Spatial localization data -
------------------------------
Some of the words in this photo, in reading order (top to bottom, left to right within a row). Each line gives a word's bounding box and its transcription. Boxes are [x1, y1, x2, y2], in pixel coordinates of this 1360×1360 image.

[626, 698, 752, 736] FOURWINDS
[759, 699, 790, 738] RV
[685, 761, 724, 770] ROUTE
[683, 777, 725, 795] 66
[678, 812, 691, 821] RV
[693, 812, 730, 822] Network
------------------------------
Problem requirements - All entries must be duplicated exactly, with none left out.

Expected answer -
Some of the words in this photo, in reading order (top to bottom, left to right within a row). Each line gives a word's bounding box and its transcription. Boxes are [x1, y1, x2, y2], in pixel coordinates of this 1360×1360 image.

[626, 698, 752, 736] FOURWINDS
[759, 699, 790, 738] RV
[685, 761, 724, 770] ROUTE
[683, 777, 725, 795] 66
[678, 812, 691, 821] RV
[693, 812, 730, 822] Network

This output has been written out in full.